Ginevra Casartelli 5CLL
Hello everybody,
In this article I'm going to talk about music. Analysing the lyrics of a song is almost the same as studying a text taken from our literature textbook. There are several deep meanings that lie beneath the simple sound of a song. I chose to write about ‘Creep’ by Radiohead, a song that was released in September 1992 and, even nowadays, is the biggest hit in the British band's discography.
When you were here before
Couldn't look you in the eye
You're just like an angel
Your skin makes me cry
You float like a feather
In a beautiful world
And I wish I was special
You're so fuckin' special
But I'm a creep, I'm a weirdo.
What the hell am I doing here?
I don't belong here.
I don't care if it hurts
I want to have control
I want a perfect body
I want a perfect soul
I want you to notice
When I'm not around
You're so fuckin' special
I wish I was special
But I'm a creep, I'm a weirdo.
What the hell am I doing here?
I don't belong here.
She's running out the door,
She's running out
She's run run run run...
Whatever makes you happy
Whatever you want
You're so fuckin' special
I wish I was special...
But I'm a creep, I'm a weirdo,
What the hell am I doing here?
I don't belong here.
I don't belong here.
This song expresses the idea of not feeling worthy and good enough to live a normal life in society. The author looks at his lover and he starts idealising her "you're just like an angel, your skin makes me cry" but he realizes that he couldn't have her because "he's a creep, he's a weirdo", he doesn't feel accepted by a superior creature like her.

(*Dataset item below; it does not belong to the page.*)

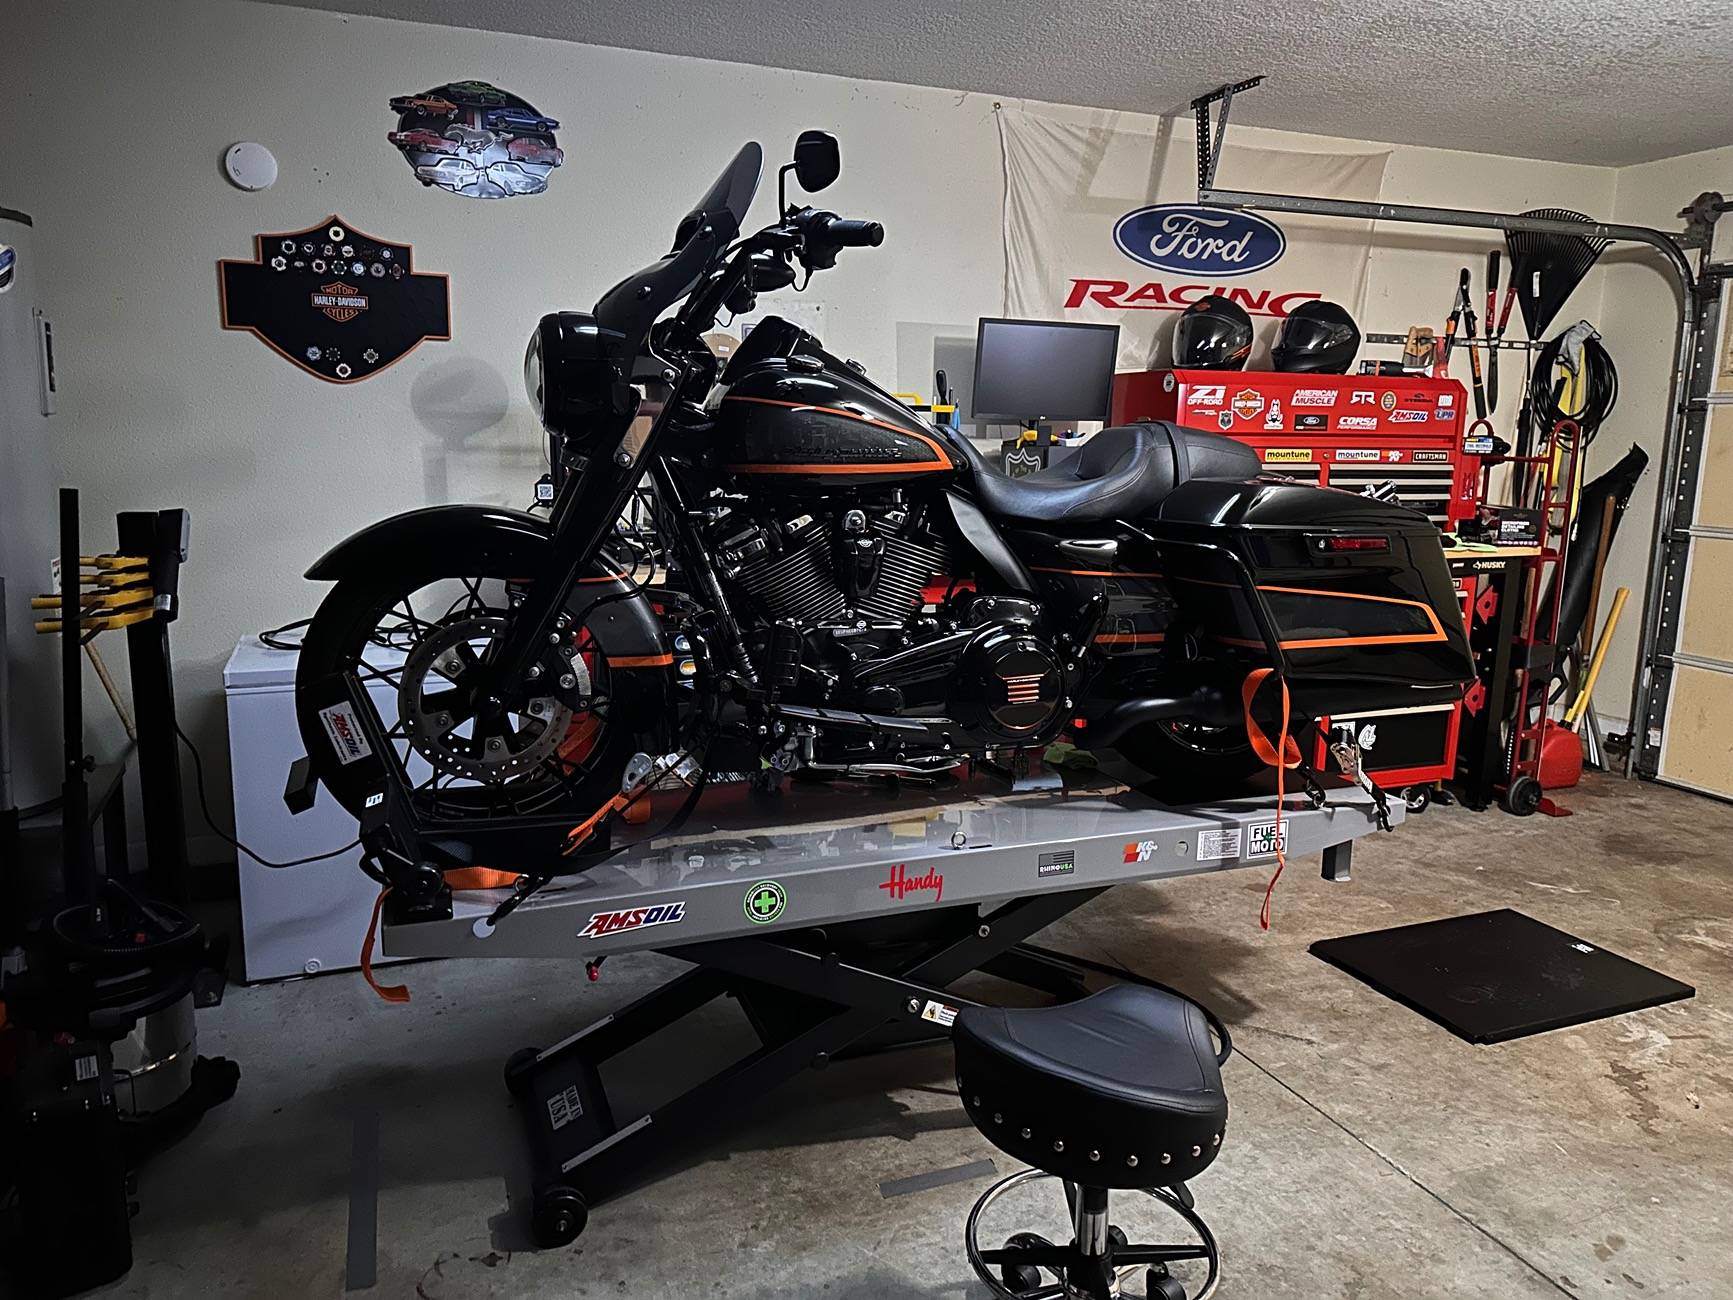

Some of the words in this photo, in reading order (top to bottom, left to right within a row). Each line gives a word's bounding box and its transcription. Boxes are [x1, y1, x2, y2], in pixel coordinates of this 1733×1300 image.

In fact, Thom Yorke, the author of these melancholic and desperate lyrics, said: "I have real problem being a man in the 90s, any man with any sensitivity or conscience toward the opposite sex would have a problem. To actually assert yourself in a masculine way without looking like you're in a hard rock band is a very difficult thing to do. It comes back to the music we write, which is not effeminate but it's not brutal in its arrogance. It is one of the things I'm always trying: to assert a sexual persona and, on the other hand, trying desperately to negate it.”
Yorke's identification with this song didn’t last, as he then affirmed he started to hate it and sometimes he refused to perform it live. This song belonged to his youth and addresses all the people who feel the same distress. It is considered one of the rock music manifestos of the early nineties for the apathetic and disillusioned state of mind typical of those years among young people.